• [REQUIREMENT]
Extract every entry word for word. Skip the pictures.

Images for object localization

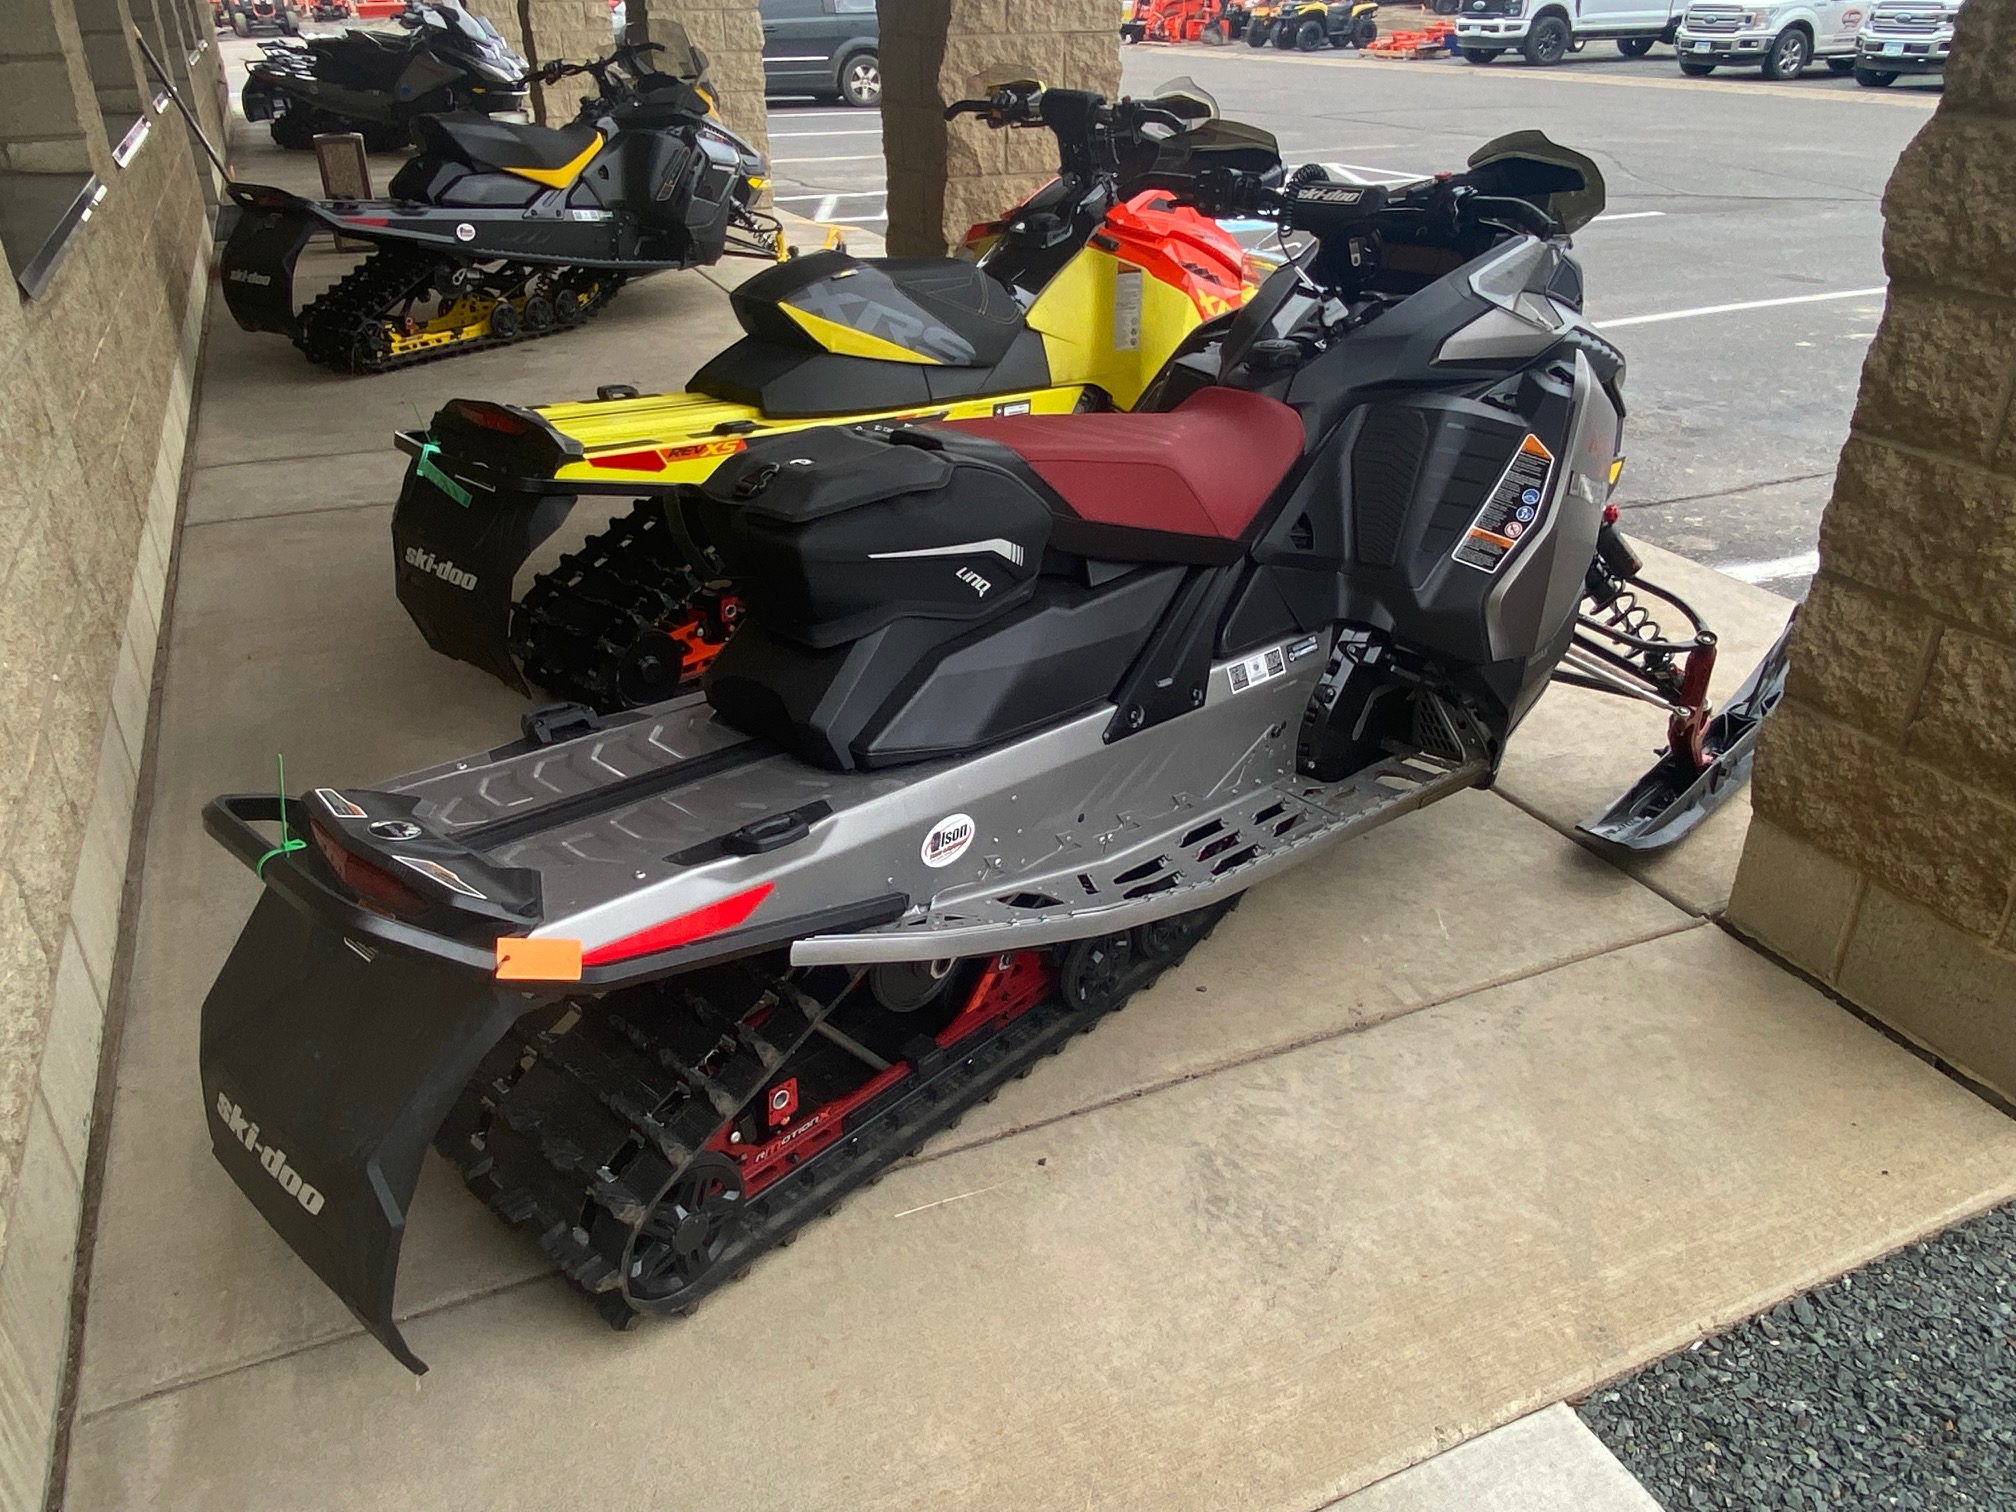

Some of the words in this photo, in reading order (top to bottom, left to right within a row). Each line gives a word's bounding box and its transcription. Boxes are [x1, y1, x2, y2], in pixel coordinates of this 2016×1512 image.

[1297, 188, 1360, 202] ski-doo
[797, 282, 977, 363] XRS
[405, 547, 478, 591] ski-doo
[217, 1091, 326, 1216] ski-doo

• [EXPECTED OUTPUT]
Some of the words in this photo, in reading order (top to bottom, left to right within a row). Each line gives a word's bounding box and its transcription. Boxes are [x1, y1, x2, y2], in pixel coordinates of this 2016×1512 image.

[1297, 188, 1360, 202] ski-doo
[797, 282, 977, 363] XRS
[405, 547, 478, 591] ski-doo
[217, 1091, 326, 1216] ski-doo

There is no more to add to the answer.